Hoja suelta de opinión del profesor Gilberto Loaiza Cano. Licenciado en Filología, Master en Historia y Doctor en Sociología. Profesor titular del Departamento de Filosofía, Universidad del Valle. Premio Ciencias Sociales y Humanas, Fundación Alejandro Ángel Escobar, 2012. Línea de investigación: Historia intelectual de Colombia.

domingo, 16 de diciembre de 2012

Pintado en la Pared, No. 80





Parte 4-
La nación inventada
(Entre Manuela y María, la novela de la nación) 

LA DISTOPÍA DE LA REPÚBLICA
[EL ALEGATO POPULAR DE “NUESTRA REPÚBLICA PERFEUTA”].
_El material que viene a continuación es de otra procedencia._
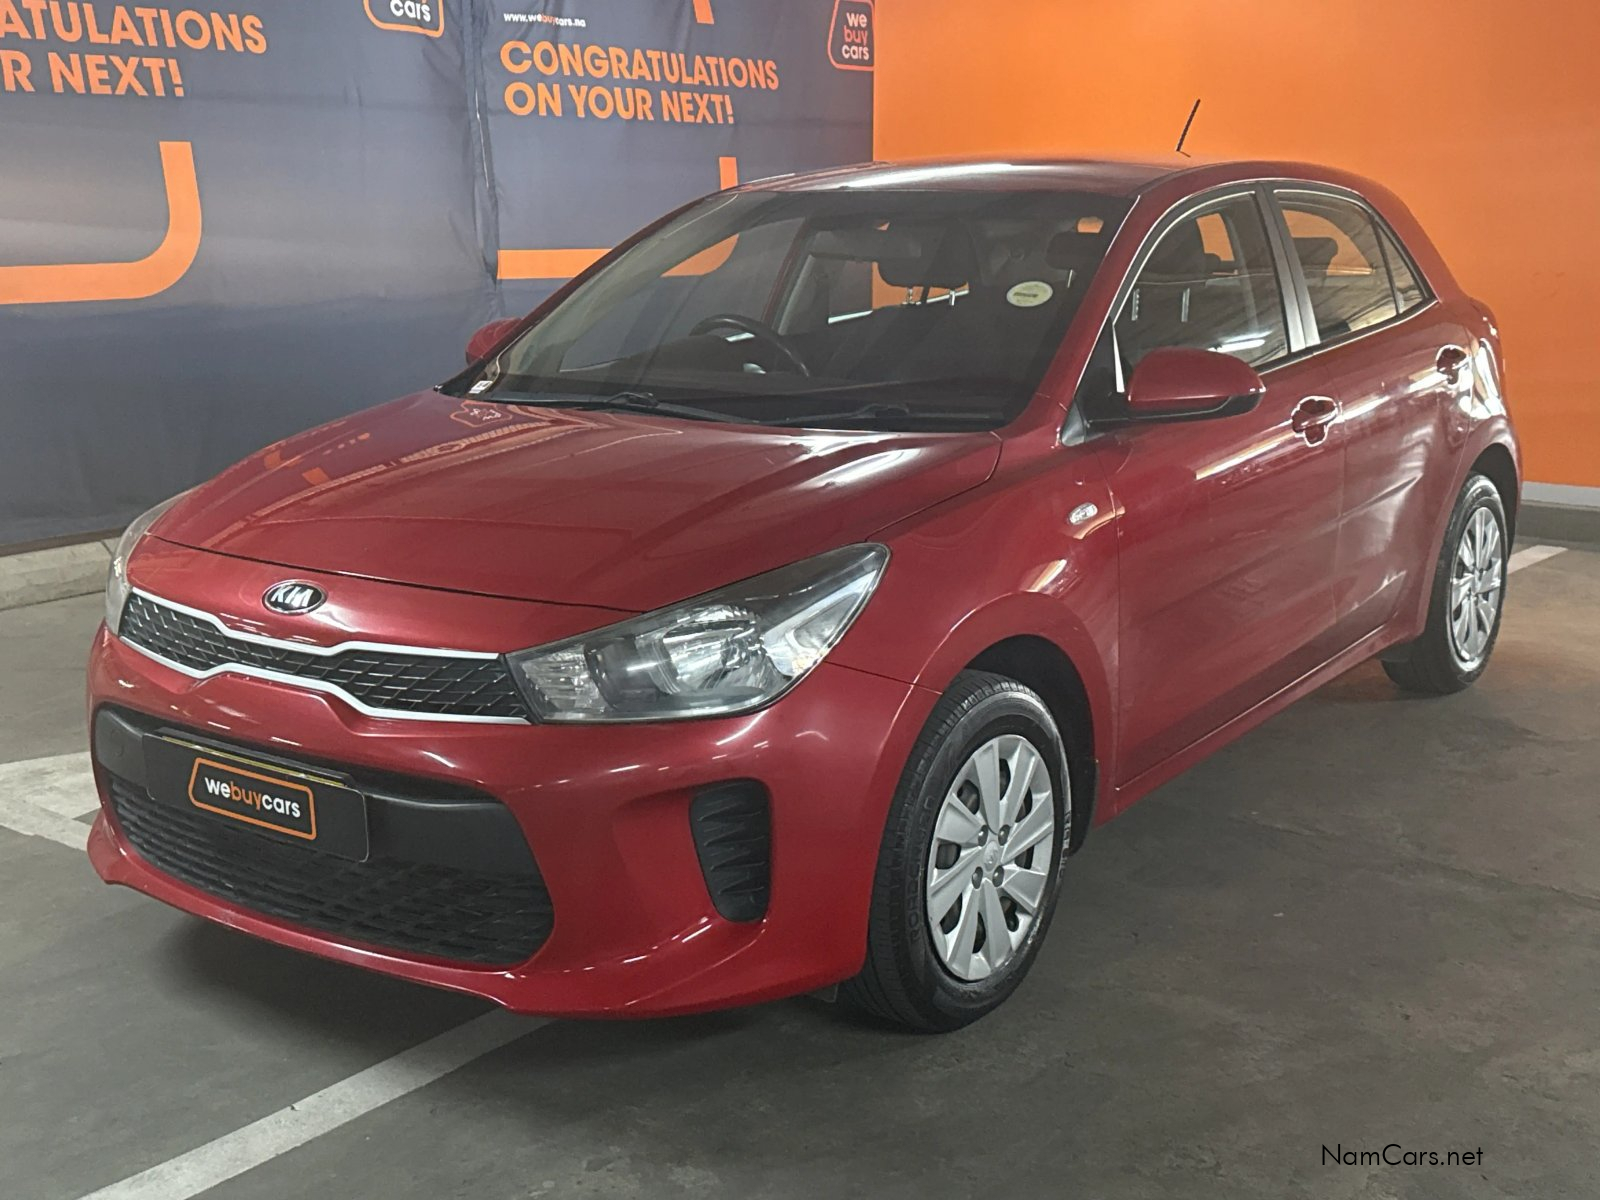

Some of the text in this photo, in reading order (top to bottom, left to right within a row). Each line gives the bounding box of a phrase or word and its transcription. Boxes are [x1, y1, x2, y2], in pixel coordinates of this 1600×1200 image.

[390, 0, 431, 22] cars
[846, 12, 868, 28] we
[843, 25, 868, 46] buy
[842, 44, 870, 60] cars
[0, 49, 184, 97] R NEXT!
[500, 40, 779, 90] CONGRATULATIONS
[504, 82, 735, 124] ON YOUR NEXT!
[270, 584, 315, 607] KIA
[204, 776, 301, 818] webuycars
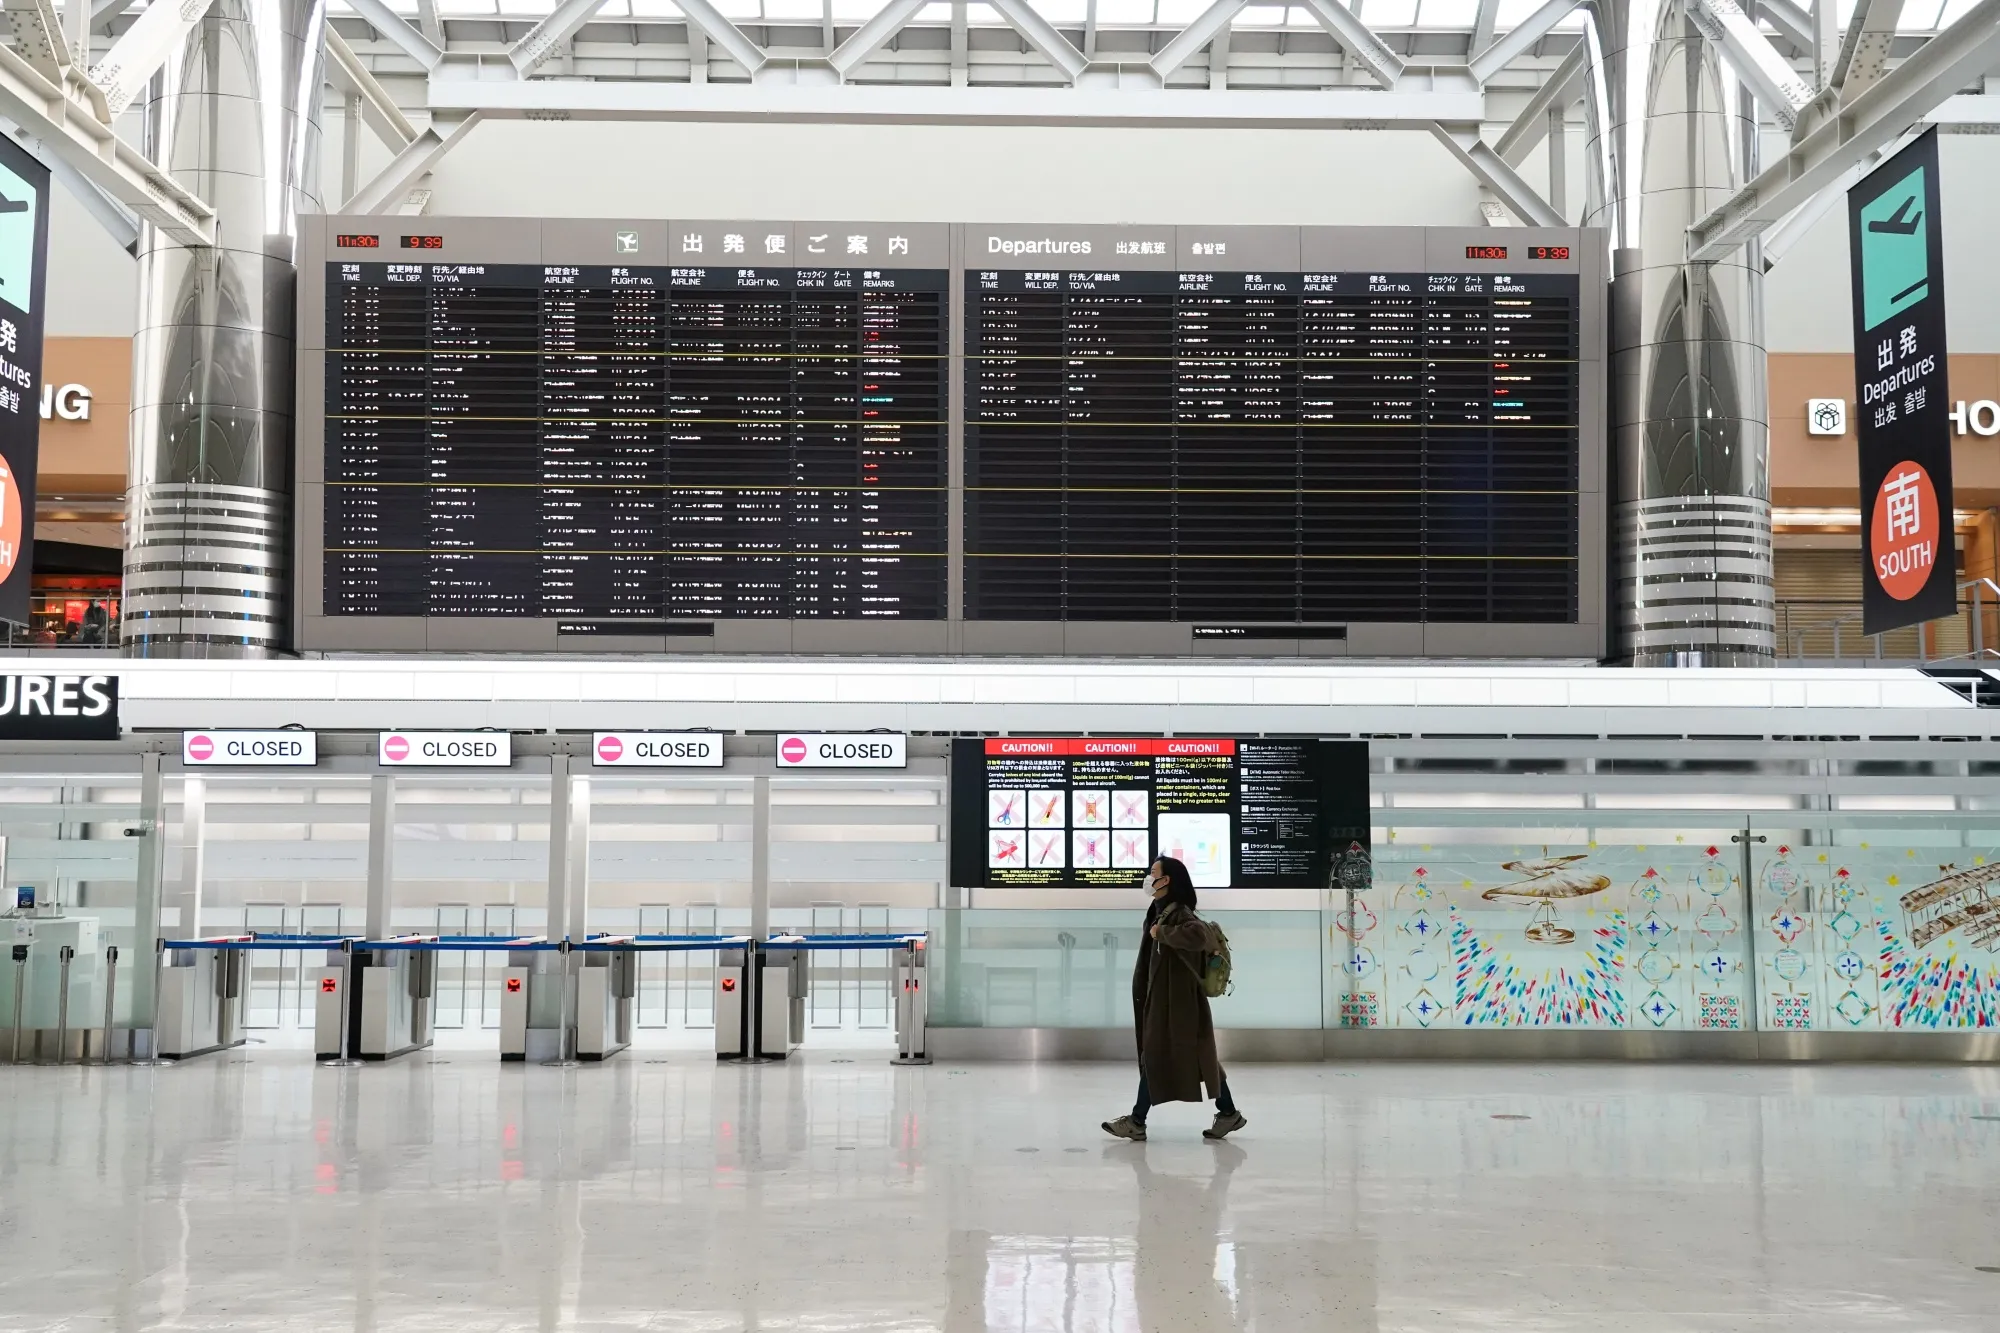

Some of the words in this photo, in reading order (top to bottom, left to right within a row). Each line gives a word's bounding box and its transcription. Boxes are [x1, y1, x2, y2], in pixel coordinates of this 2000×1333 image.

Manuela está impregnada, de principio a fin, de alusiones históricas. No disimula referirse a hechos pasados inmediatos o a situaciones políticas presentes o futuras: guerras civiles, revoluciones políticas, golpes de estado, elecciones. El nombre de la villa o distrito –el narrador prefiere delatarse usando “el grato nombre de parroquia”- que sirve de escenario principal es de las pocas elisiones significativas, pero aun así no es difícil suponer el lugar posible, cercano al río Magdalena, en descenso más o menos directo desde la alta y fría Bogotá.[1] El personaje masculino principal, Demóstenes, es caracterizado como un “gólgota” y “radical” que ha salido de Bogotá a conocer las villas o distritos próximos de tierra caliente, que ha conocido Estados Unidos y “la vida civilizada”, que leía las novelas anti-jesuitas de Eugene de Sue, que era lector asiduo de El Tiempo y El Neogranadino (periódicos cuasi-oficiales del radicalismo bogotano) y que había sido miembro de un club político de la elite liberal. Todo lo que acontece en la novela está situado en la mitad de 1856, año de elecciones presidenciales, de las primeras y únicas por mucho tiempo en Colombia en que se puso en ejercicio el sufragio universal masculino que los mismos liberales radicales habían hecho aprobar en la Constitución de 1853. En ese año de 1856 se enfrentaron las candidaturas de Manuel Murillo Toro, por los liberales, y el conservador Mariano Ospina Rodríguez, a la postre ganador; precisamente, el triunfo conservador hizo que los liberales radicales fueran, en adelante, los principales enemigos del sufragio universal puesto que favorecía ampliamente a sus rivales.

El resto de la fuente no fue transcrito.